Foucou (ou Fouquou), Félix Joseph
Article mis en ligne le 24 décembre 2015

par Desmars, Bernard

Né en février 1831, à Cayenne (Guyane). Décédé en 1870 aux Etats-Unis. Officier de marine, ingénieur civil, puis collaborateur de périodiques scientifiques et techniques. Rédacteur de la Revue moderne, un périodique fouriériste. Participant aux banquets phalanstériens de 1865 et 1866.

Les origines de Félix Joseph Foucou sont difficiles à établir. Il a d’abord porté le patronyme de sa mère, Fougeron.
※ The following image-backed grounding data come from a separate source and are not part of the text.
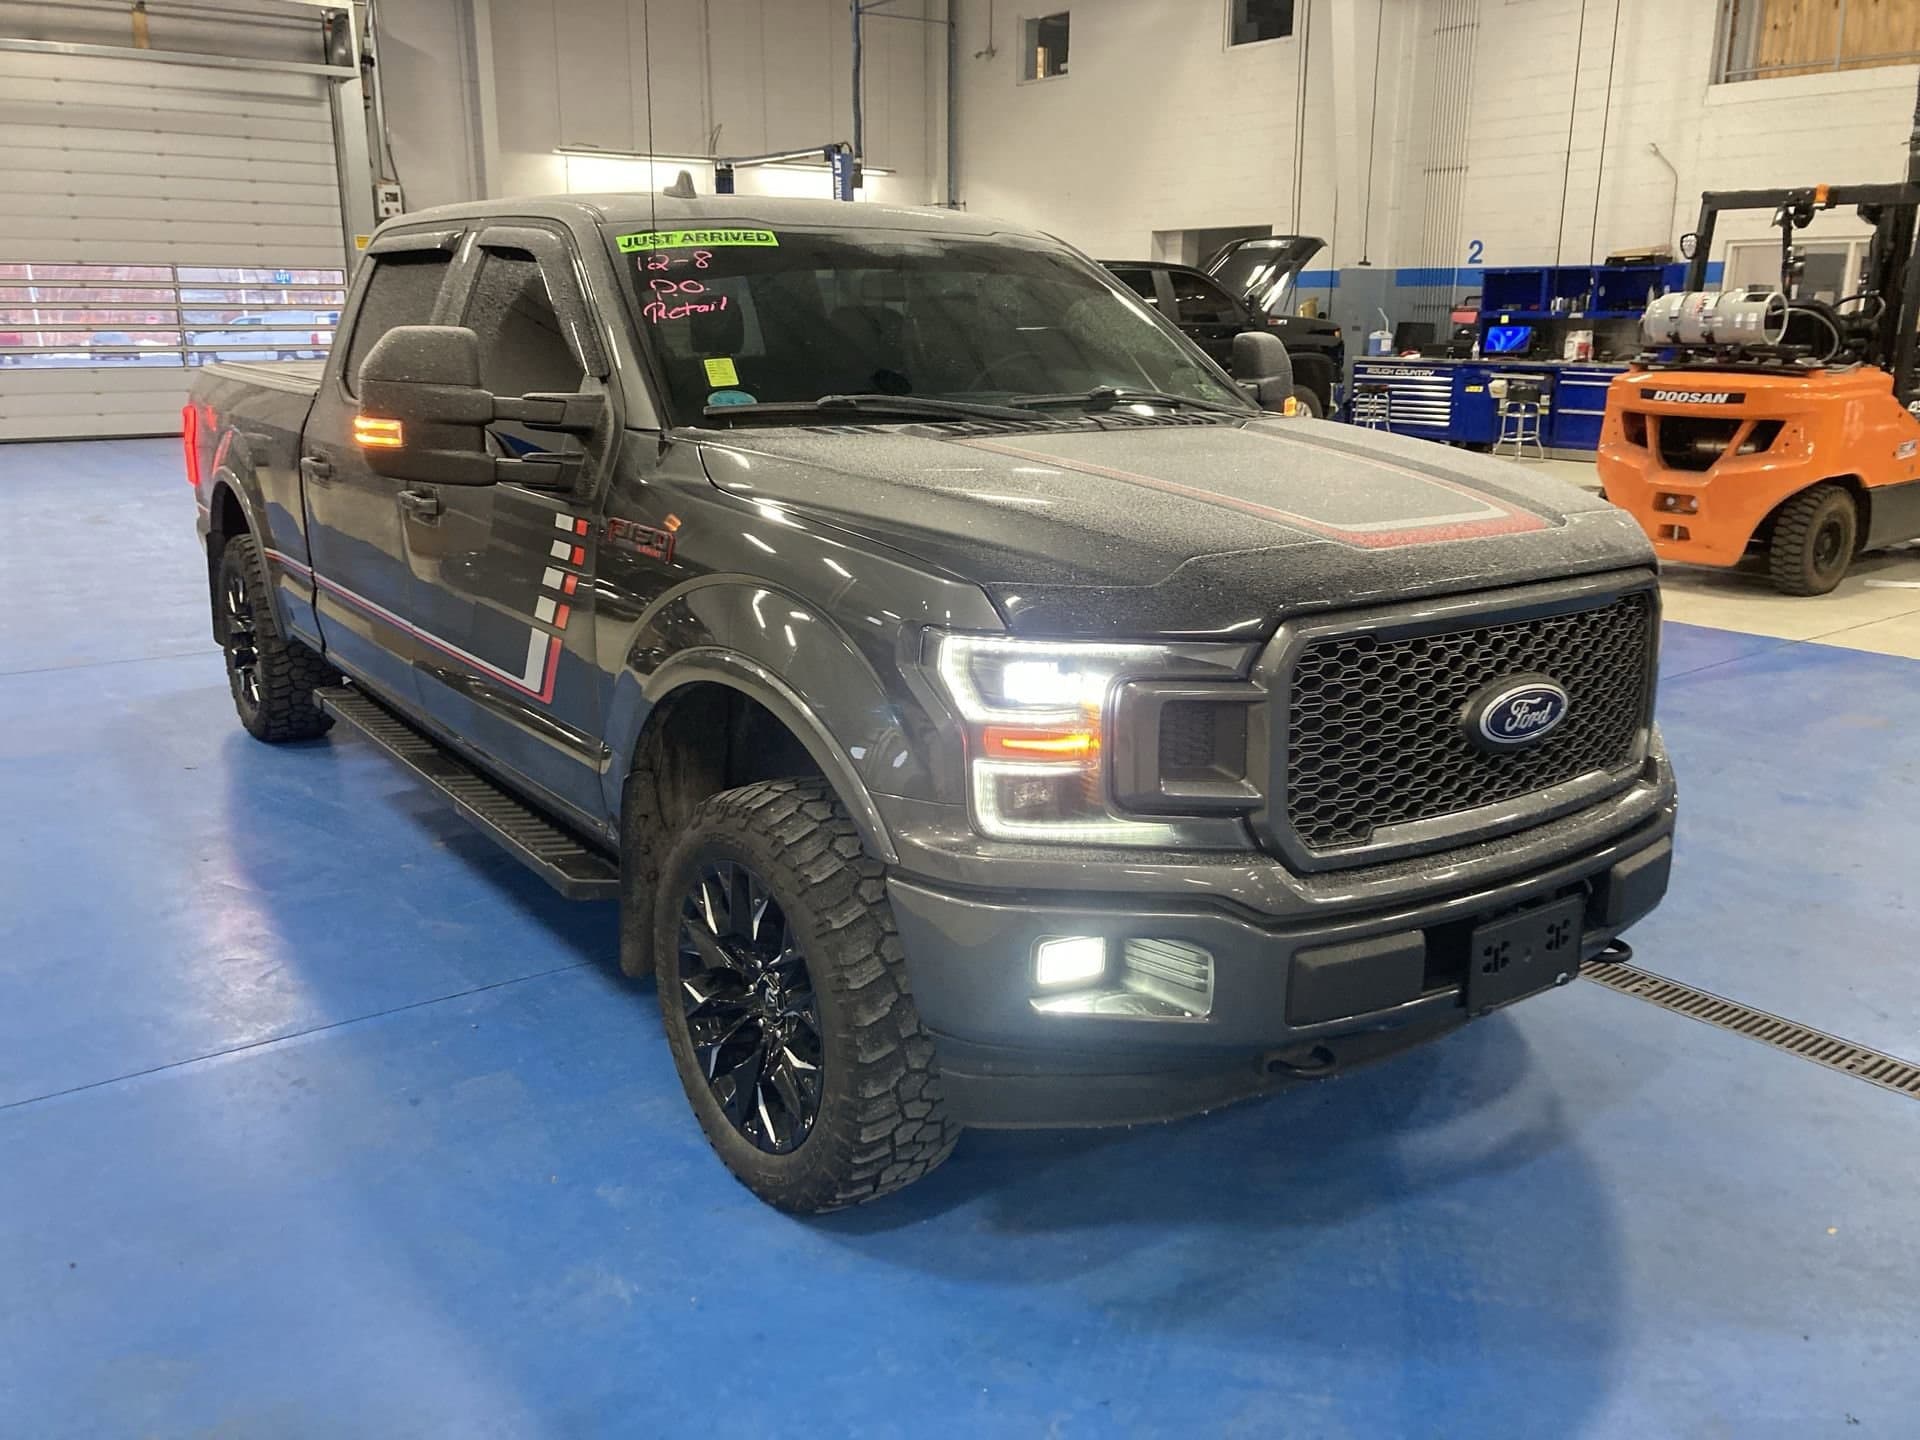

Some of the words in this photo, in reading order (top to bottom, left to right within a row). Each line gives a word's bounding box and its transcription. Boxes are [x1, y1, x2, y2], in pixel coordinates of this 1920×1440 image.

[622, 234, 673, 249] JUST
[681, 231, 770, 244] ARRIVED
[637, 250, 713, 271] 12-8
[1468, 240, 1483, 264] 2
[643, 296, 727, 324] Retail
[1366, 367, 1394, 375] ROUGH
[1394, 368, 1435, 377] COUNTRY
[1653, 390, 1730, 404] DOOSAN
[1504, 697, 1553, 732] Ford
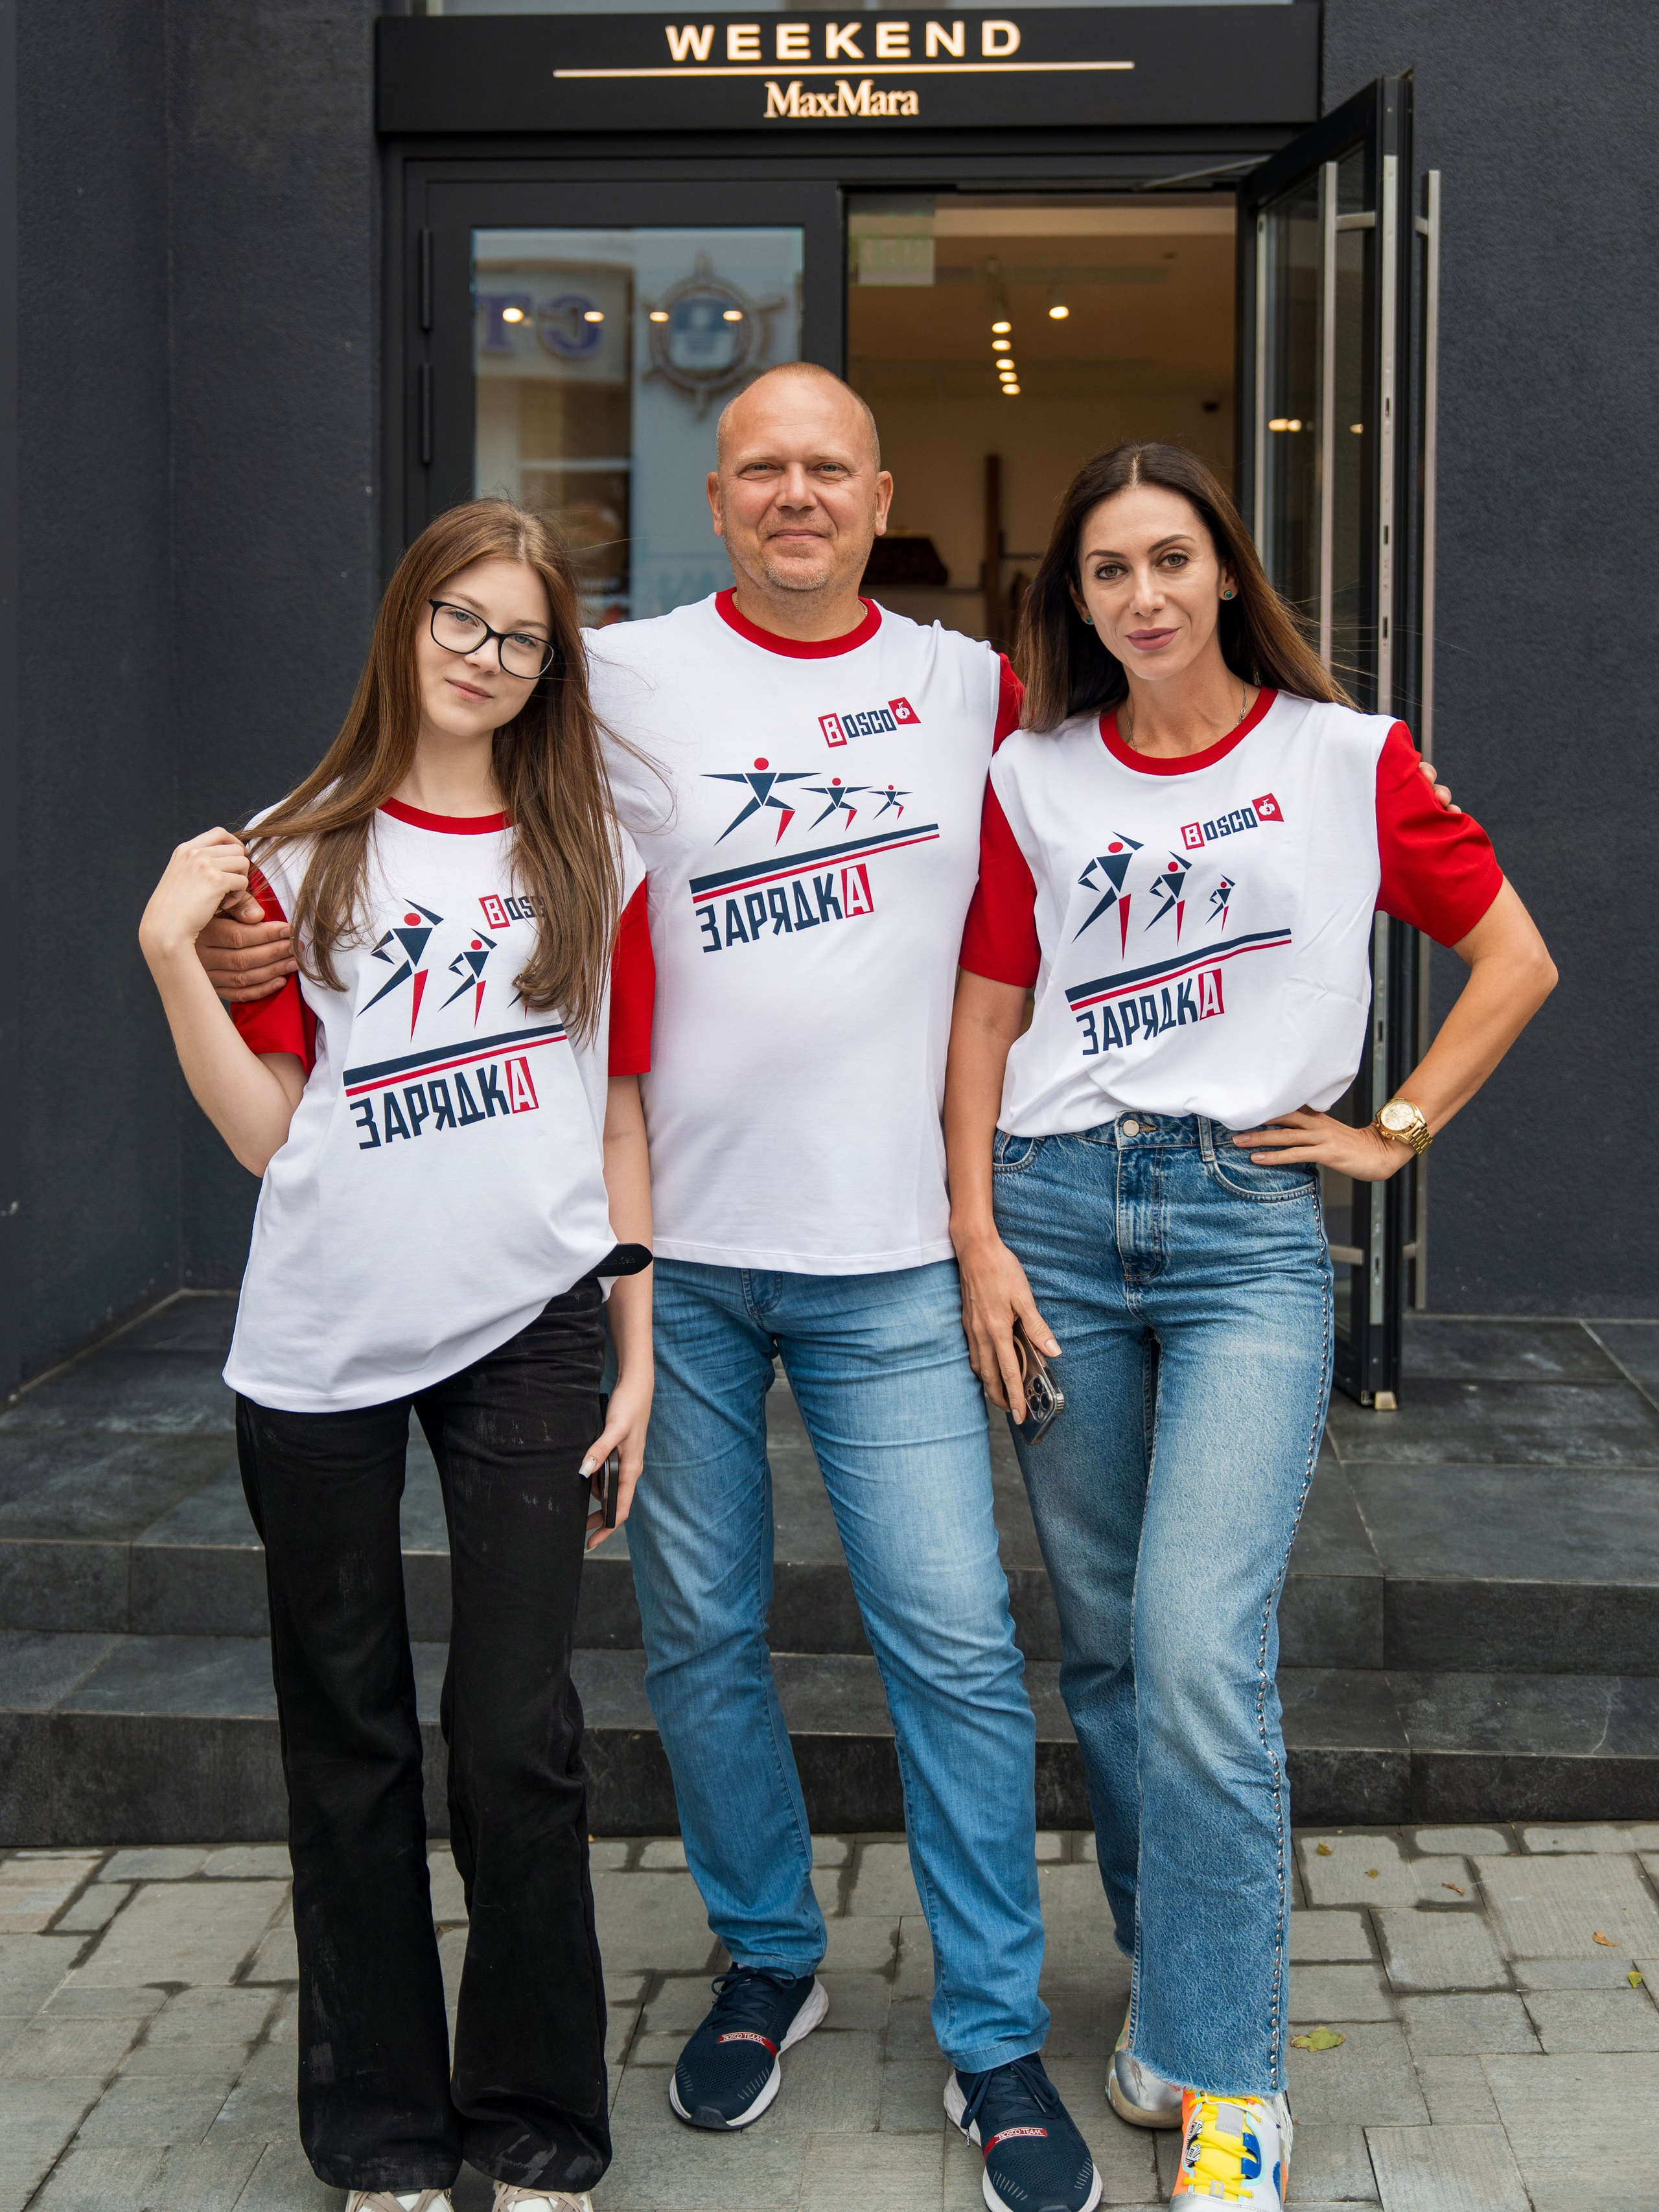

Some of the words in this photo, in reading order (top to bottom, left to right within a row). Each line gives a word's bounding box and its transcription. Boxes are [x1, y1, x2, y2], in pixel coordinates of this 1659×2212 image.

[665, 20, 1021, 61] WEEKEND
[763, 79, 919, 118] MaxMara
[478, 894, 544, 929] BOS
[696, 863, 874, 953] ЗАРЯДКА
[1076, 968, 1225, 1056] ЗАРЯДКА
[349, 1056, 539, 1150] ЗАРЯДКА
[743, 2033, 763, 2043] TEAM
[999, 2129, 1021, 2139] BOSCO
Selon un proche parent, son père « n’a jamais eu d’enfant légitime de son épouse, mais seulement le jeune Fouquou [sic] d’une concubine, ce qui l’a empêché de le reconnaître » ; cependant, le père est nommé tuteur par le conseil de famille et lui transmet finalement son nom [1].

Félix Joseph Foucou entre à l’École navale de Brest en octobre 1846. Son attitude fait l’objet de remarques défavorables dans ses bulletins : en janvier 1847, il fournit certes un « travail […] généralement satisfaisant », mais « la conduite de cet élève a été fort répréhensible » et il fait l’objet de nombreuses punitions ; en avril suivant, son comportement « n’est pas exempt de reproches et depuis quelque temps il se néglige sous le rapport du travail » ; un an plus tard, « la conduite de cet élève est loin d’être bonne et il travaille fort peu » [2]. A l’issue de sa formation, il devient aspirant de seconde classe (août 1848), puis de première classe (septembre 1850). Les remarques de ses supérieurs sont désormais élogieuses :

Mr. Fouquou a été embarqué sous mes ordres pendant six mois ; j’ai été fort satisfait de sa conduite, de sa tenue et de sa manière de servir (capitaine de frégate Preudhomme de Borre, commandant Le Volage, 10 mars 1849).
Conduite et moralité excellentes. De l’aptitude à la navigation à voile. Bonnes dispositions (capitaine de vaisseau Favin-Lévêque, commandant La Pomone, 1849).
Conduite, moralité et santé bonnes. Capable pour la marine à voile ; paraît être bon instructeur de canonnage. Intelligent (capitaine de vaisseau Larrieu, commandant L’Iéna, 15 octobre 1850) [3].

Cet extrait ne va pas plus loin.